Despite frequent cabinet upheavals since regaining independence, Estonia has consistently pursued a foreign policy strongly oriented towards the West in general and the European Union (EU) in particular. In light of its poor relations with Russia - not to mention the painful memories of the 1940-91 annexation to the U.S.S.R. - it came as no surprise that Estonia eagerly pursued membership in the EU as well as the North Atlantic Treaty Organization (NATO), securing both in 2004.

Likewise, Estonia has re-oriented its trade towards the West, forging a particularly strong relationship with neighboring Finland - a country with whom Estonia shares a linguistic affinity, as the Estonian and Finnish languages are closely related. Although the Estonian economy has been performing strongly in the years since independence, the country remains among the poorest members of the European Union.

All the same, Estonia has become the first country in the world to hold a national legislative election using the Internet as a means of voting - a high-tech initiative that may be a harbinger of things to come.

Update

Estonia's National Electoral Committee reports complete preliminary results of the March 4, 2007 Riigikogu election were as follows:

Reform Party - 153,044 votes (27.8%), 31 seats
Centre Party - 143,518 votes (26.1%), 29 seats
Pro Patria and Res Publica Union - 98,347 votes (17.9%), 19 seats
Estonian Social Democratic Party - 58,363 votes (10.6%), 10 seats
Estonian Greens - 39,279 votes (7.1%), 6 seats
Estonian People's Union - 39,215 votes (7.1%), 6 seats
Estonian Christian Democrats - 9,456 votes (1.7%), no seats
Constitutional Party - 5,464 votes (1.0%), no seats
Others - 3,527 votes (0.6%), no seats

Voter turnout stood at 61%, up from 58.2% in the 2003 parliamentary election.

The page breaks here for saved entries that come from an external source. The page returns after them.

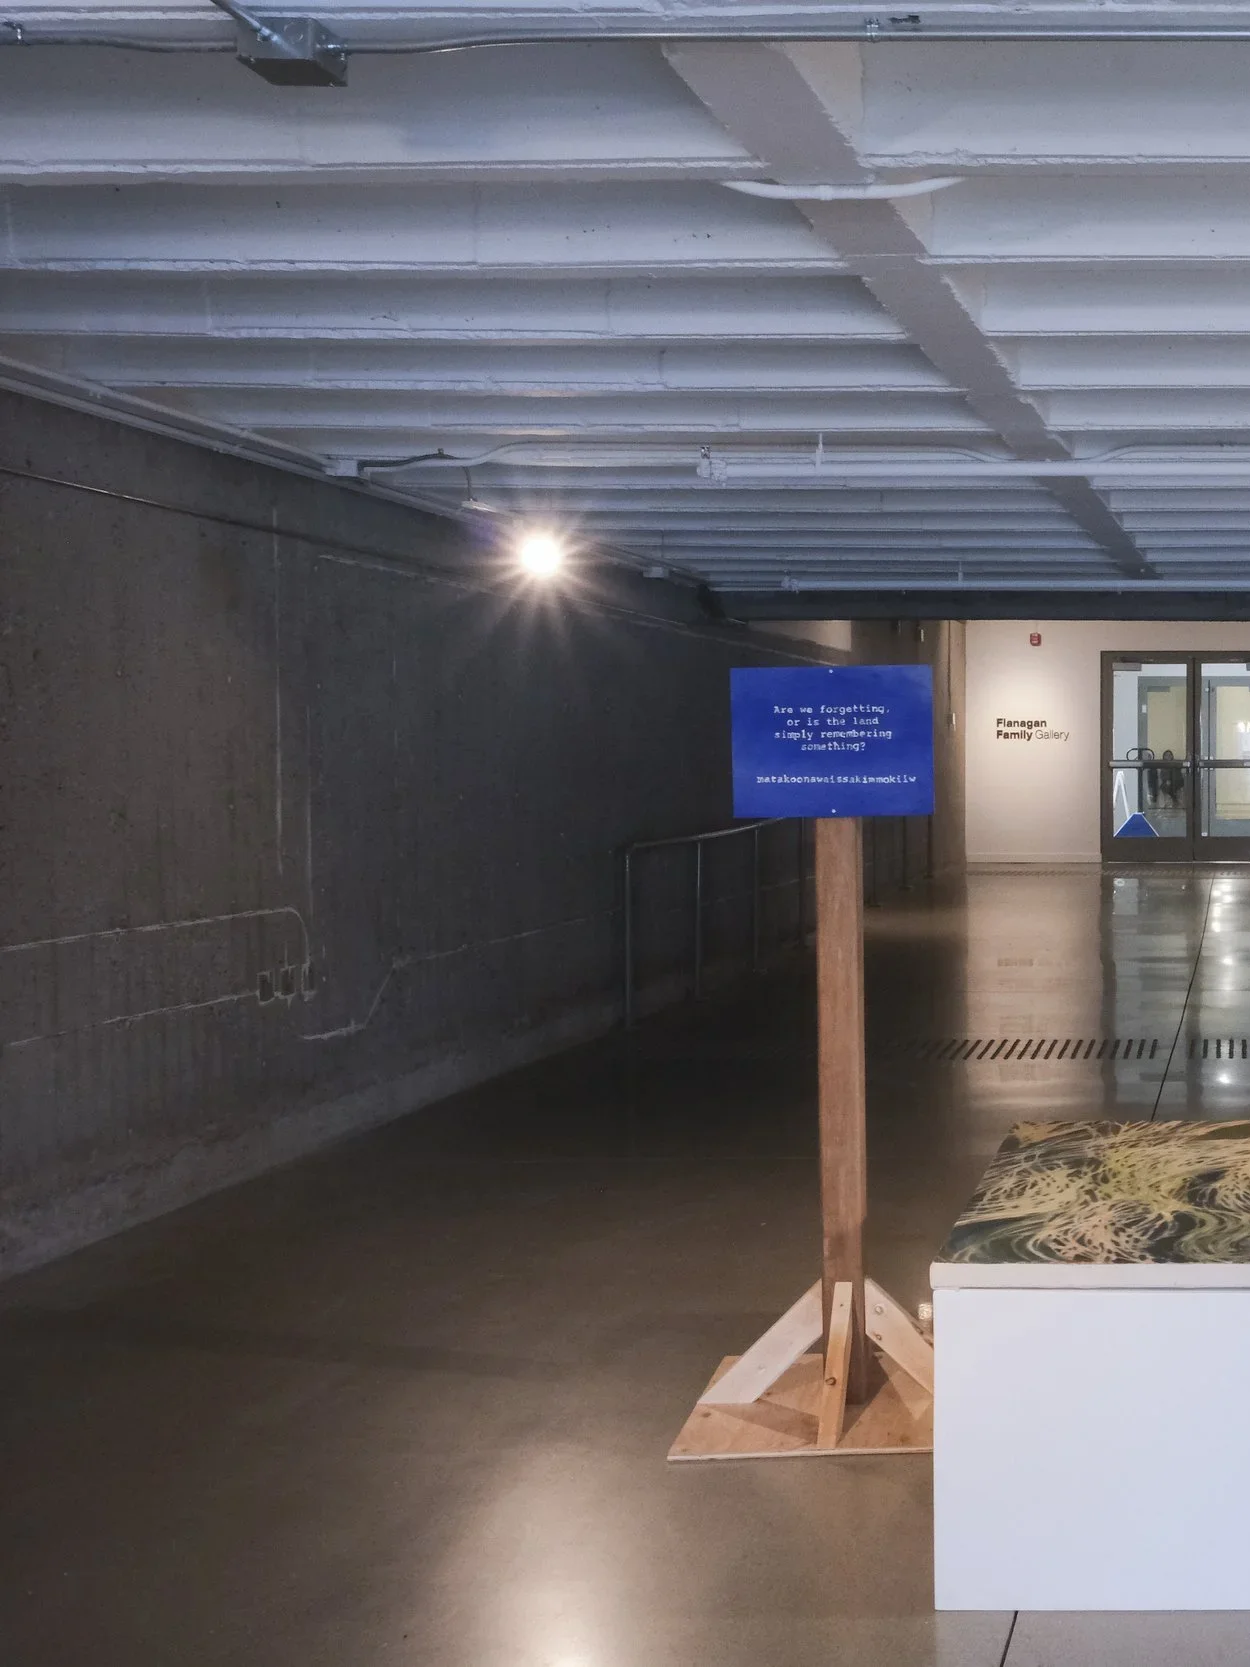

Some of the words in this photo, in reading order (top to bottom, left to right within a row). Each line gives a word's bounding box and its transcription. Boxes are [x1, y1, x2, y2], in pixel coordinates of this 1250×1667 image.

[773, 705, 794, 714] Are
[799, 706, 813, 714] we
[819, 704, 890, 715] forgetting,
[786, 718, 801, 727] or
[807, 717, 820, 727] is
[826, 716, 846, 726] the
[853, 716, 880, 726] land
[996, 717, 1047, 729] Flanagan
[774, 729, 814, 741] simply
[820, 729, 893, 740] remembering
[996, 729, 1033, 741] Family
[1034, 729, 1070, 741] Gallery
[800, 742, 866, 752] something?
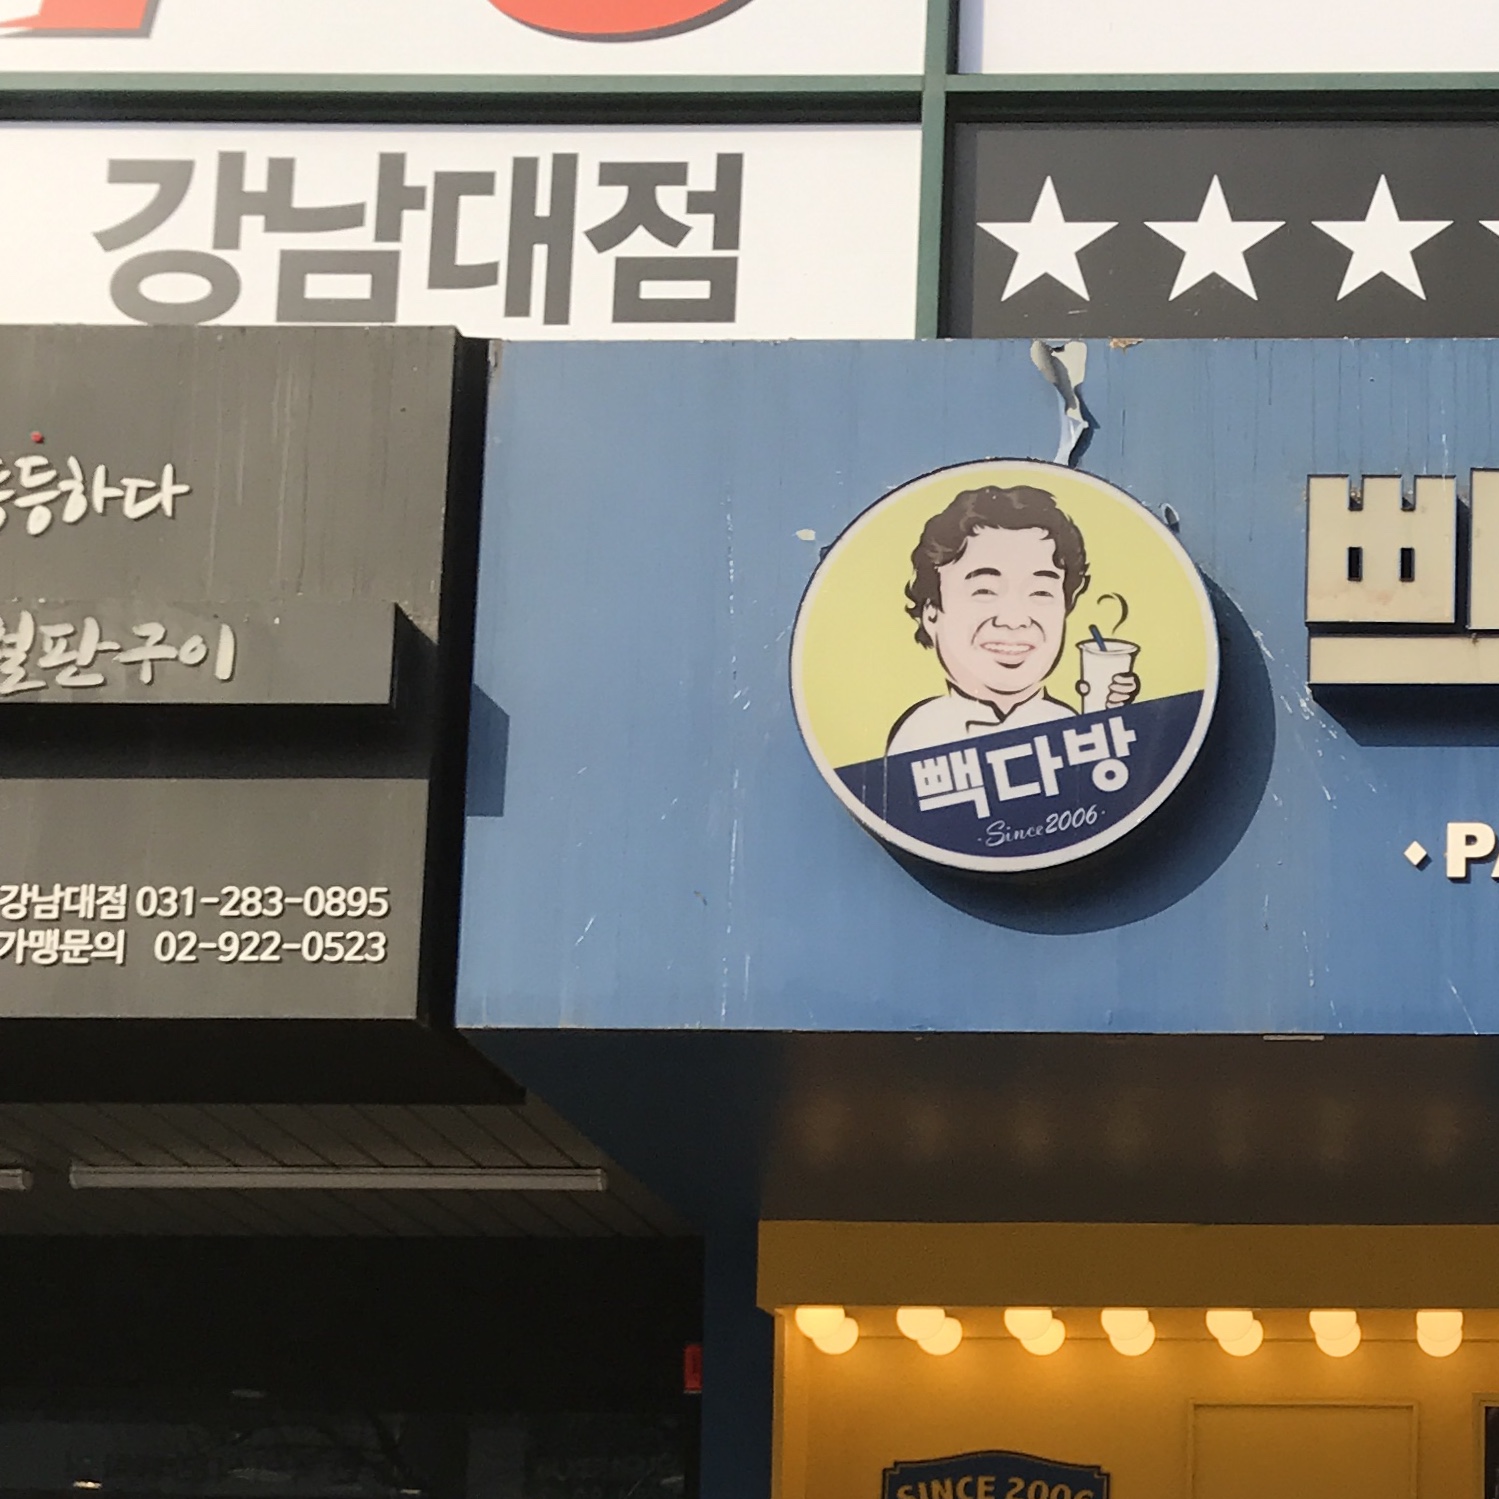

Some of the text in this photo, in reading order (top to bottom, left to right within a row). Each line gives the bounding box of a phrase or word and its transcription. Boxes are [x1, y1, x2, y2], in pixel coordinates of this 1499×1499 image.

[92, 150, 745, 326] 강남대점
[910, 715, 1137, 820] 빽다방
[0, 883, 390, 920] 강남대점 031-283-0895
[0, 927, 388, 965] 가맹문의 02-922-0523
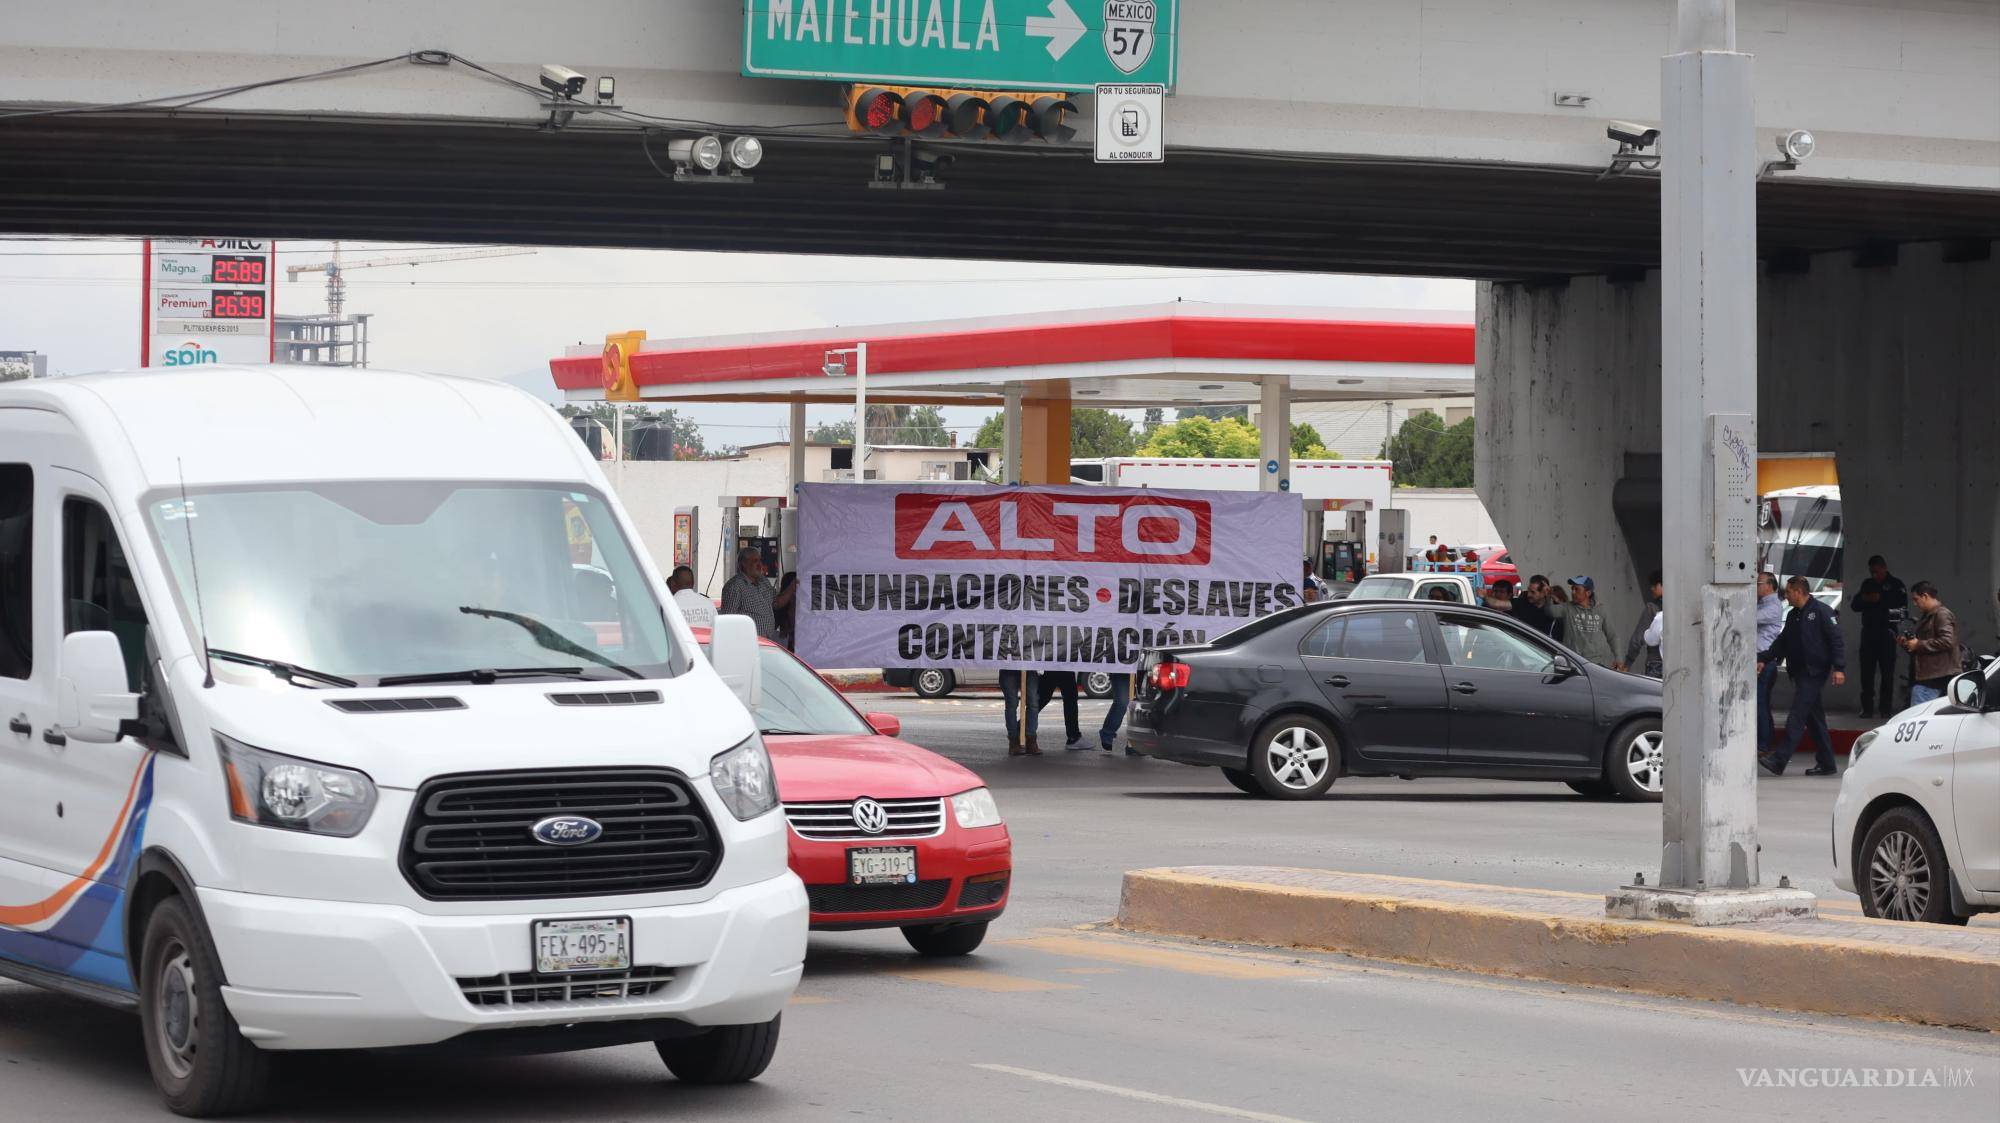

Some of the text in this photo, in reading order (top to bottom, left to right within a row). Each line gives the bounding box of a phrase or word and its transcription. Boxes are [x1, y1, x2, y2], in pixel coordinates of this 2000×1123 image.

[1108, 3, 1152, 20] MEXICO
[767, 0, 999, 51] MATEHUALA
[1112, 28, 1145, 56] 57
[1099, 87, 1161, 95] POR TU SEGURIDAD
[1119, 151, 1153, 159] CONDUCIR
[161, 260, 263, 283] Magna 25.89
[161, 296, 263, 318] Premium 26.99
[910, 502, 1198, 555] ALTO
[810, 573, 1297, 617] INUNDACIONES DESLAVES
[1894, 721, 1928, 743] 897
[551, 821, 588, 839] Ford
[853, 856, 914, 873] EYG-319-C
[540, 932, 626, 958] FEX-495-A
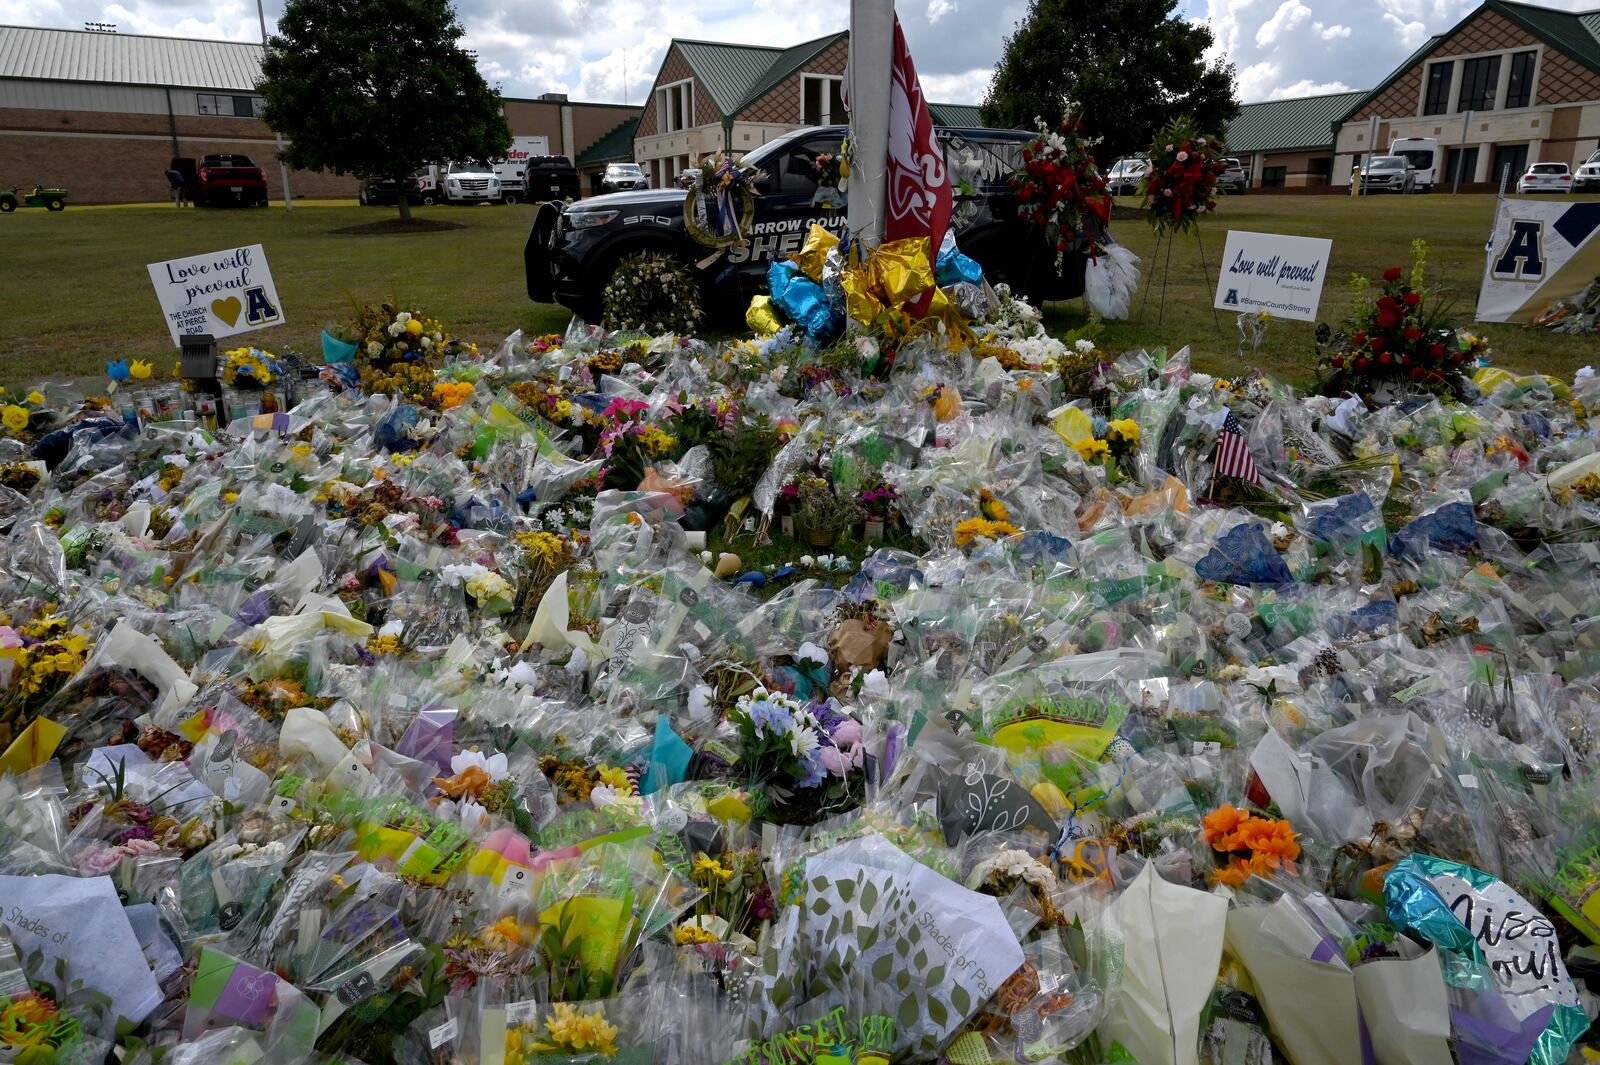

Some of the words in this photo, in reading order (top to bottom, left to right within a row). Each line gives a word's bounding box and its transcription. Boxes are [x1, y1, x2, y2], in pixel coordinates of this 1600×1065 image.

The Estonian Reform Party of Prime Minister Andrus Ansip emerged as the election's big winner, increasing its parliamentary representation from 19 to 31 seats and displacing the Centre Party - which picked up an additional seat - as the country's largest political force. However, the Union of Pro Patria and Res Publica suffered a major setback, losing sixteen seats with respect to the overall total won by its component parties in 2003 (when they ran separately); nonetheless, the merged party retained significant electoral support.

In all, six parties are represented in the new Riigikogu: Reform, Centre, the Pro Patria and Res Publica Union, the Social Democrats (who increased their representation from six to ten seats), the People's Union (who lost seven of their thirteen seats) and the Estonian Greens, who secured parliamentary representation on their electoral debut.

Although the Reform-Centre-People's Union coalition government won re-election with an enlarged legislative majority, the ruling parties didn't form another government, due to differences between Reform and the Centre Party over Estonia's flat tax system. In April 2007 - one month after the election - incumbent Prime Minister Ansip formed a new center-right coalition government composed of his Reform Party, the Pro Patria and Res Publica Union, and the Social Democrats.